+++ Information given

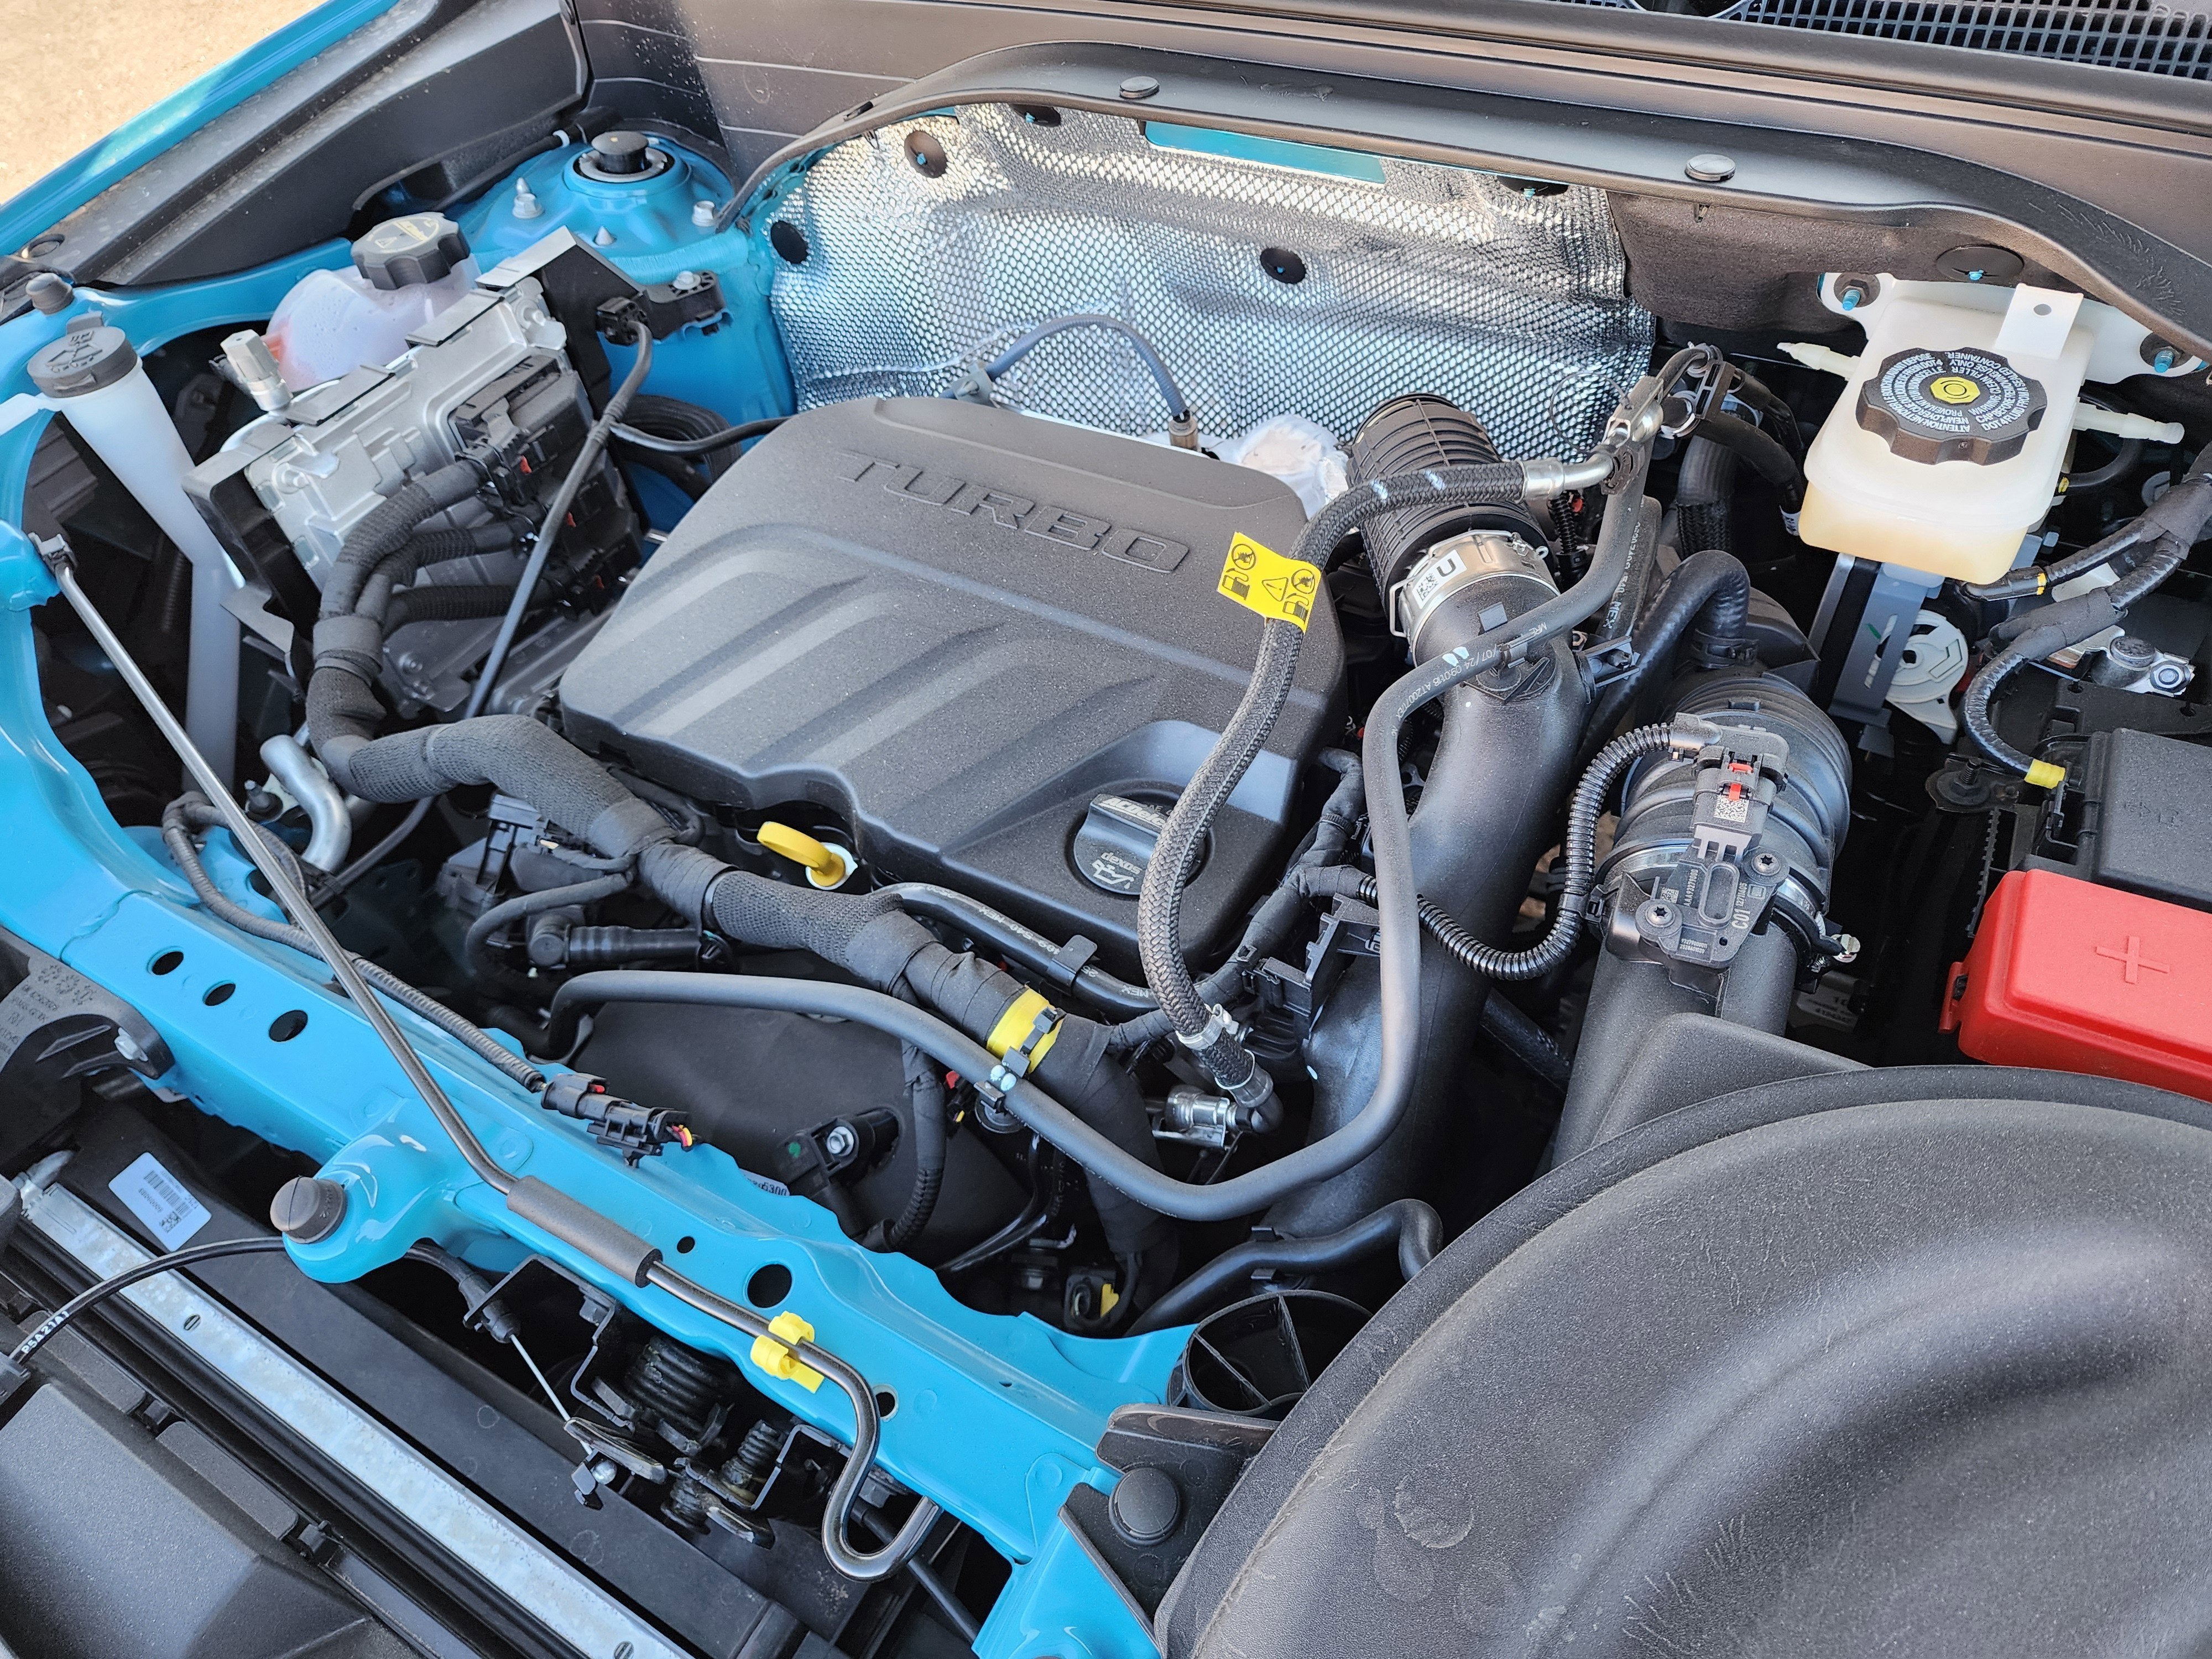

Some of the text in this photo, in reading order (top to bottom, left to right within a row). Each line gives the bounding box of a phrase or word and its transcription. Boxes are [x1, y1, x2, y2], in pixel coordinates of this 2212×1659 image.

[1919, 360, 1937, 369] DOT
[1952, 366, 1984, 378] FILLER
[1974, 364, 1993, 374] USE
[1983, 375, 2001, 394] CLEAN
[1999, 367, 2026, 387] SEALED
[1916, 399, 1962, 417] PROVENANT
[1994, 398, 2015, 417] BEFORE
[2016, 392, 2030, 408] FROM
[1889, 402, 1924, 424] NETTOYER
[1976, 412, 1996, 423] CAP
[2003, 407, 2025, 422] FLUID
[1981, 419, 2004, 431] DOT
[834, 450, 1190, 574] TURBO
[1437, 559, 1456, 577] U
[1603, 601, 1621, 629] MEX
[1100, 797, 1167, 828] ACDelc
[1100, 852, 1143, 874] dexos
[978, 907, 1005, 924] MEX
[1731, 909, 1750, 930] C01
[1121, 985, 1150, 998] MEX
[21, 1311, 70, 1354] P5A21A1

++++++

- Task to carry out
Write the listing out again in full and unchanged, minus any pictures.

- The answer
Some of the text in this photo, in reading order (top to bottom, left to right within a row). Each line gives the bounding box of a phrase or word and its transcription. Boxes are [x1, y1, x2, y2], in pixel coordinates of this 2212×1659 image.

[1919, 360, 1937, 369] DOT
[1952, 366, 1984, 378] FILLER
[1974, 364, 1993, 374] USE
[1983, 375, 2001, 394] CLEAN
[1999, 367, 2026, 387] SEALED
[1916, 399, 1962, 417] PROVENANT
[1994, 398, 2015, 417] BEFORE
[2016, 392, 2030, 408] FROM
[1889, 402, 1924, 424] NETTOYER
[1976, 412, 1996, 423] CAP
[2003, 407, 2025, 422] FLUID
[1981, 419, 2004, 431] DOT
[834, 450, 1190, 574] TURBO
[1437, 559, 1456, 577] U
[1603, 601, 1621, 629] MEX
[1100, 797, 1167, 828] ACDelc
[1100, 852, 1143, 874] dexos
[978, 907, 1005, 924] MEX
[1731, 909, 1750, 930] C01
[1121, 985, 1150, 998] MEX
[21, 1311, 70, 1354] P5A21A1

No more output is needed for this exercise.